***** Records to process *****

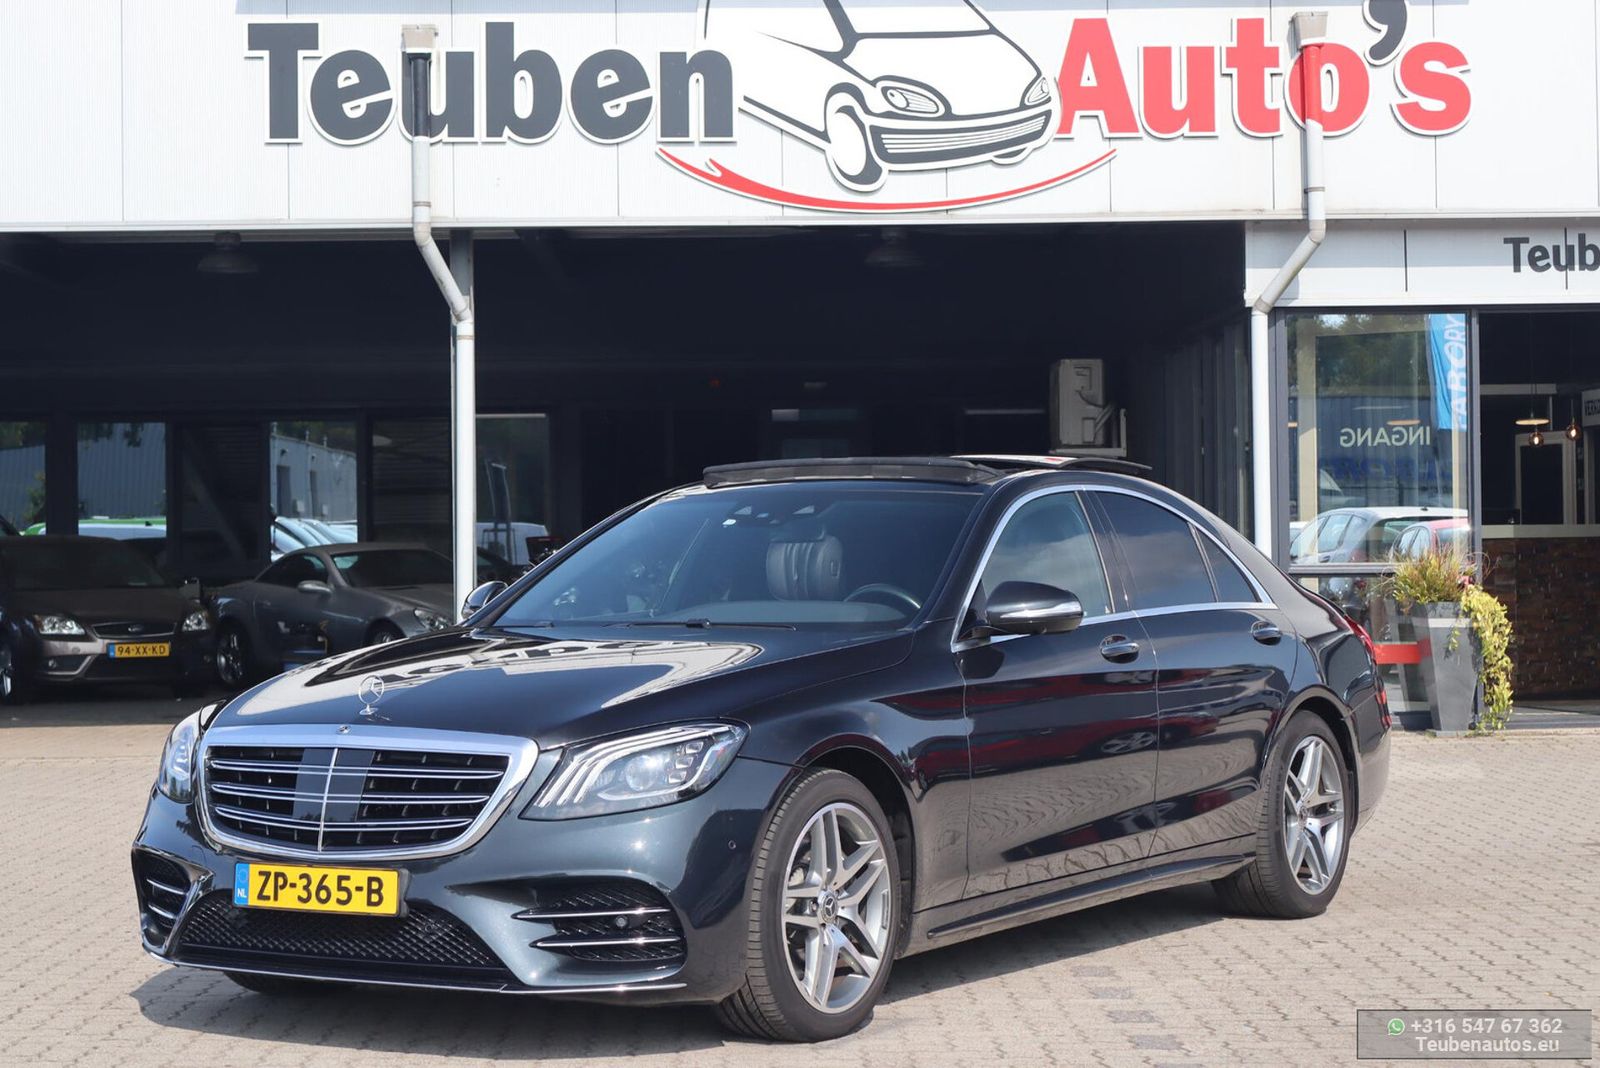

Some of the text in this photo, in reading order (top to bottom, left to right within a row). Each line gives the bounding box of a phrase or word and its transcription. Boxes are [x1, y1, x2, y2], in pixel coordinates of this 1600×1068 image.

[247, 0, 1472, 141] Teuben Auto's
[1503, 233, 1600, 273] Teub
[237, 888, 248, 899] NL
[256, 870, 384, 908] ZP-365-B

*****

Please print each of the records word for word, keeping the pictures out.

Some of the text in this photo, in reading order (top to bottom, left to right within a row). Each line gives the bounding box of a phrase or word and its transcription. Boxes are [x1, y1, x2, y2], in pixel coordinates of this 1600×1068 image.

[247, 0, 1472, 141] Teuben Auto's
[1503, 233, 1600, 273] Teub
[237, 888, 248, 899] NL
[256, 870, 384, 908] ZP-365-B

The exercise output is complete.